For corporate strategy, nature positive means an evolution in biodiversity commitments across four key dimensions: scope, mainstreaming, integration and ambition.

Advances in these areas will be necessary for business to deliver outcomes aligned with global biodiversity goals, and to contribute to the systemic changes in economic and production systems that will make those goals achievable.

As many, or even most companies’ value chain impacts will dwarf those from their direct physical footprint, it will be vital to better account for, mitigate and manage these impact risks. This requires expanding what is in scope for business strategy in two directions:

  • Vertically – to achieve positive biodiversity outcomes up and down a company’s own value chain
  • Horizontally – by working towards transformative, sector-wide sustainability practices

Addressing value chain impacts remains a challenge but is becoming much more feasible for companies with the advent of better measurement methods and high-resolution supply chain data. This enables companies to understand and map their impacts and focus action on priority areas.

To ensure that their positive actions are not undermined by lagging efforts elsewhere in a sector, leading businesses will want to use their influence to help drive improved sustainability practices through heightened engagement and collaboration with other actors and stakeholders. This is reflected in the ‘transform’ and ‘advocate’ steps for implementing a nature-positive approach identified by WBCSD and Business for Nature.

Managing biodiversity at project sites is typically the domain of ecological managers, but the shift to nature-positive strategy or principles at a company-wide scale relies on the buy-in and proactive engagement from a whole range of employees across the entire business and at board level.

Effecting change requires nature to be mainstreamed into business decision-making – through governance, strategy, risk management and targets and metrics, as outlined by the Taskforce on Nature-Related Financial Disclosures (TNFD). Organisational target setting will be key. Setting SMART targets (specific, measurable, accepted, realistic and time-bound) across different business areas can act as an incentive, and hold the organisation to account in achieving its overarching biodiversity goals.

When organisations address multiple dimensions of nature separately through independent strategies – such as for climate, water, soil or biodiversity – there is a risk that action taken for one dimension can undermine, rather than reinforce actions taken for another.

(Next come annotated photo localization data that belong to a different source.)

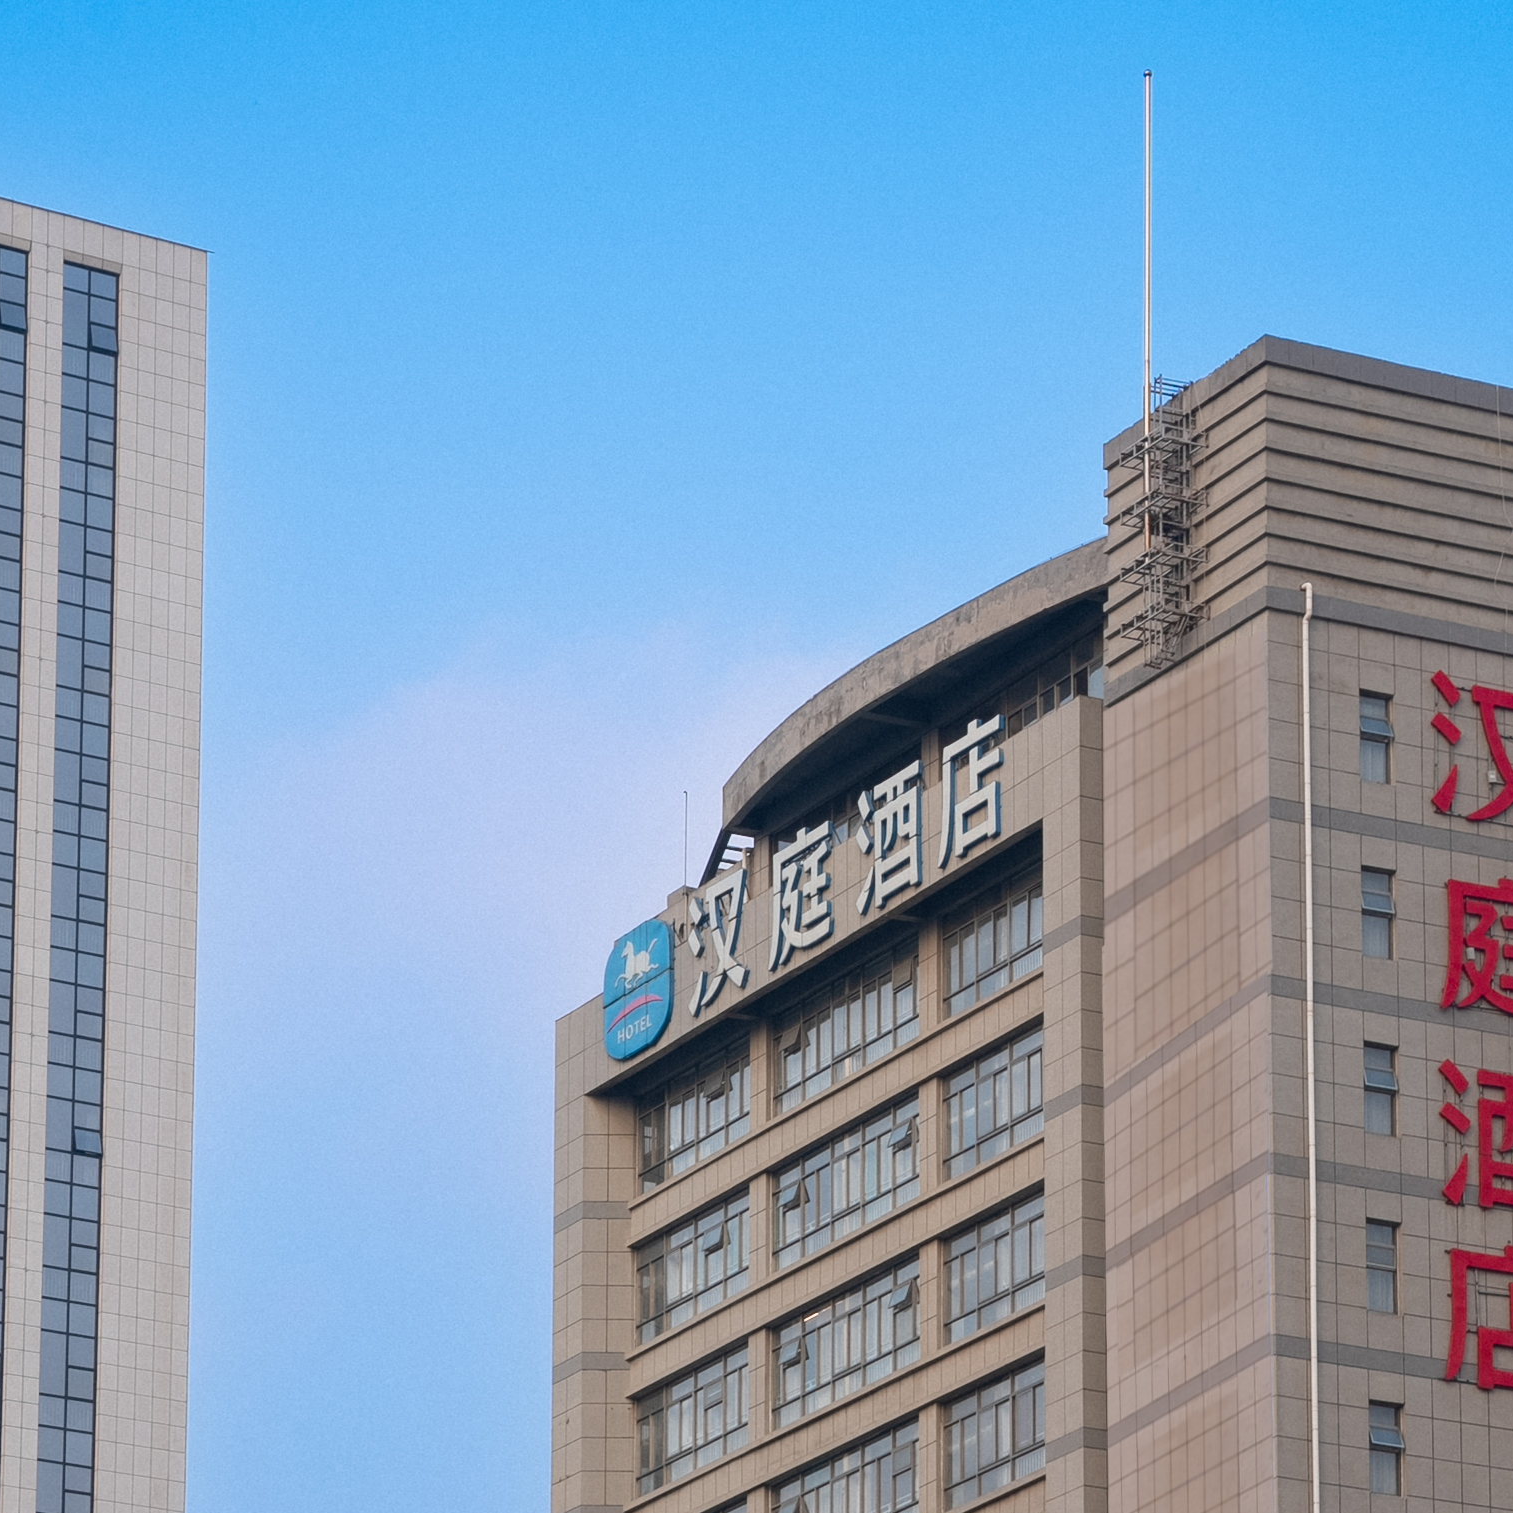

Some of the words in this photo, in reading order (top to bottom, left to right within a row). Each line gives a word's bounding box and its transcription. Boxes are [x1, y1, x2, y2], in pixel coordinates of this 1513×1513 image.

[688, 715, 1005, 1017] 汉庭酒店
[617, 1014, 653, 1045] HOTEL
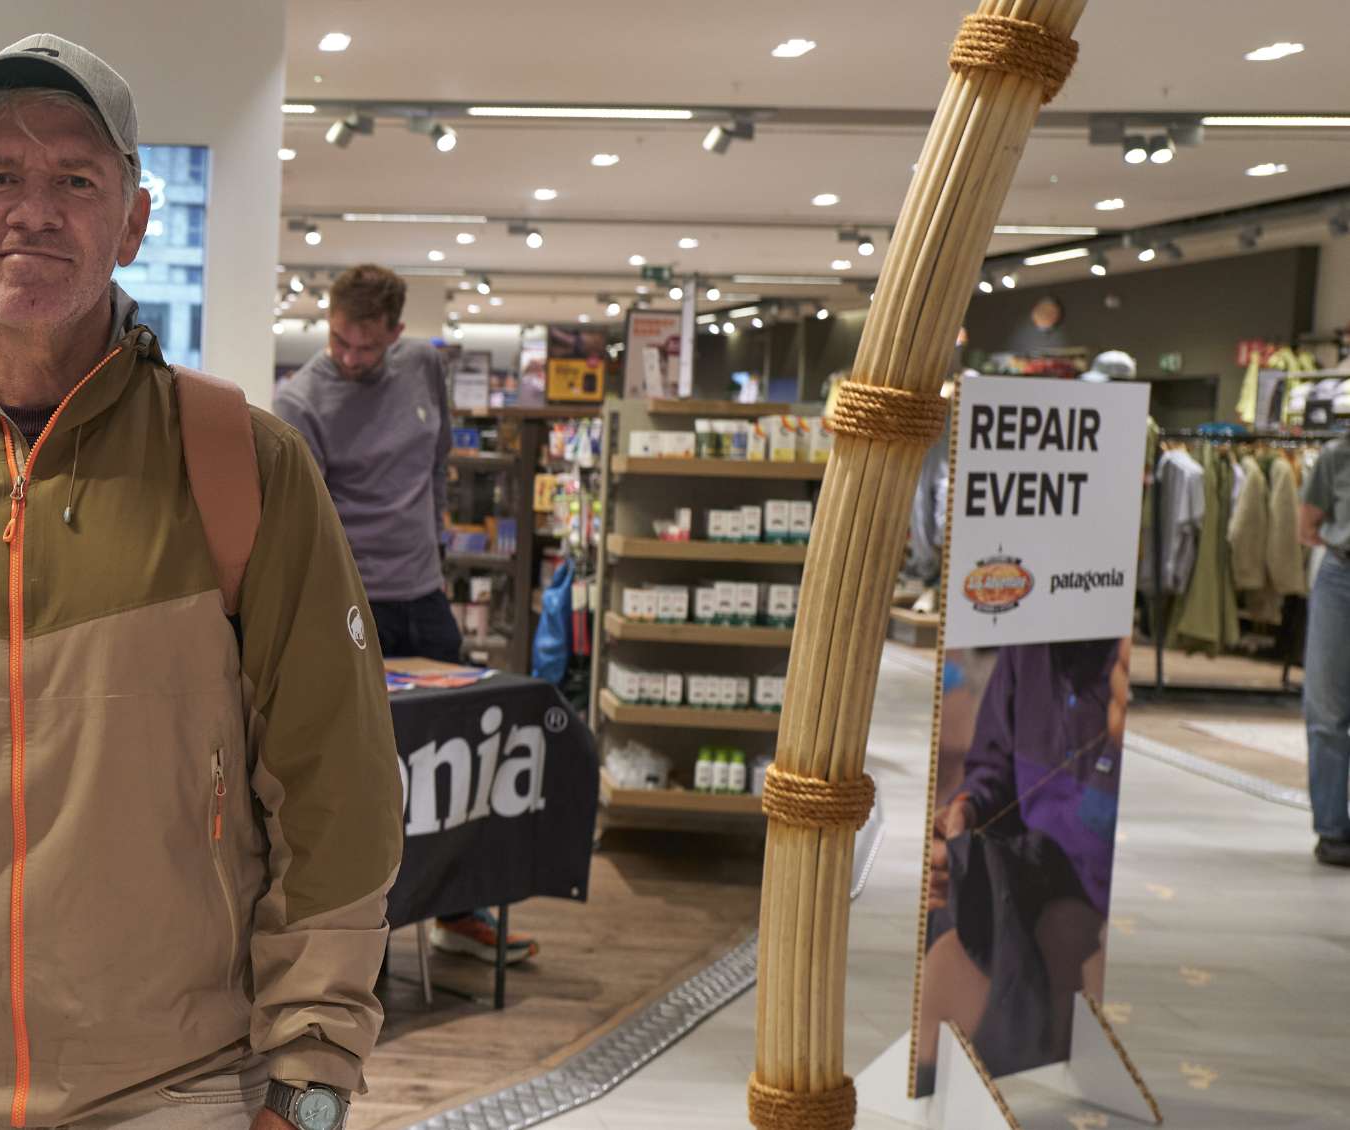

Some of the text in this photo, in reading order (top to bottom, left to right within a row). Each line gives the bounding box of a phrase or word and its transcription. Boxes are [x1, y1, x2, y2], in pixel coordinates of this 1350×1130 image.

[970, 404, 1101, 452] REPAIR
[965, 472, 1088, 517] EVENT
[1050, 568, 1125, 595] patagonia
[398, 705, 547, 837] nia

For example, decarbonisation strategies that do not consider biodiversity can have unintended consequences – higher demand for biofuel crops may accelerate land-use change, and seemingly-benign natural carbon sequestration projects can damage ecosystems if non-native species are planted on natural habitats.

Tying together corporate action on environmental impacts through a nature-positive strategy means taking an integrated, holistic approach, where impacts are considered in a coherent manner to avoid exacerbating other environmental risks, and promoting synergies where possible. This could involve investing in solutions designed to contribute to multiple goals, such as through nature-based solutions or combined target setting.

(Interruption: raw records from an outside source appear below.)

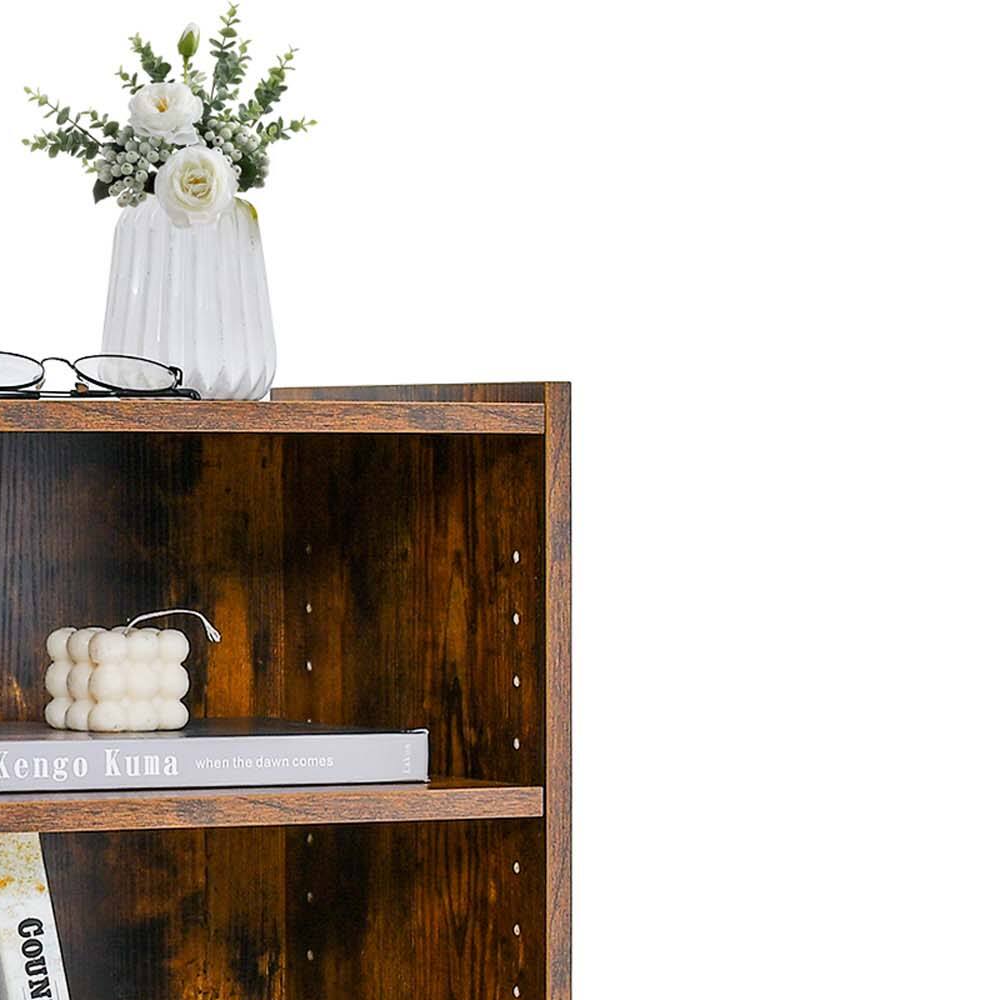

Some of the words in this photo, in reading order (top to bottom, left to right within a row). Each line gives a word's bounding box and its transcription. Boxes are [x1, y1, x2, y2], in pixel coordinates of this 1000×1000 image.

[105, 748, 178, 777] Kuma
[195, 756, 230, 769] when
[232, 755, 253, 769] the
[255, 755, 290, 769] dawn
[292, 755, 334, 767] comes

Nature positive as a framing for action is closely tied to the idea of a global goal for nature, aiming to bend the curve of biodiversity loss by 2030 and achieve a full recovery of nature by 2050. The global goal for nature has strong support from civil society. Its key approach, to halt loss and move towards recovery, is expected to be reflected in the high-level goals of the Convention on Biological Diversity’s Global Biodiversity Framework, currently still in negotiation. Related global goals and targets for nature are embedded in the Sustainable Development Goals and in, for example, the Bonn Challenge for forest landscape restoration.

Avoiding impacts where possible will be central to corporate ambitions to go nature positive and deforestation-free and conversion-free commitments will be a major part of any robust strategy. To align with broader societal targets for nature recovery, nature-positive approaches require avoidance and reduction – not just compensation – of impacts across the whole value chain to alleviate pressures on nature.

To effectively deliver the absolute gains in the state of biodiversity required by a nature positive global goal, companies will also need to contribute to addressing a proportion of historical impacts. Determining a fair allocation of responsibility for past impacts will be a major milestone in the journey to a nature-positive future and is actively being explored by key target-setting institutions, such as the Science Based Targets Network (SBTN).

To operationalise higher levels of ambition, it is key to define what an organisation’s biodiversity goals should be. This is a central focus of the TNFD and the SBTN, which both anticipate publishing further guidance in 2023 on how organisations can set goals aligned with global targets.

 


Achieving transformative change

Whilst action to avoid and reduce a companies’ own impacts on biodiversity is the critical first step, nature positive also requires transformative change, at both a business and systems scale.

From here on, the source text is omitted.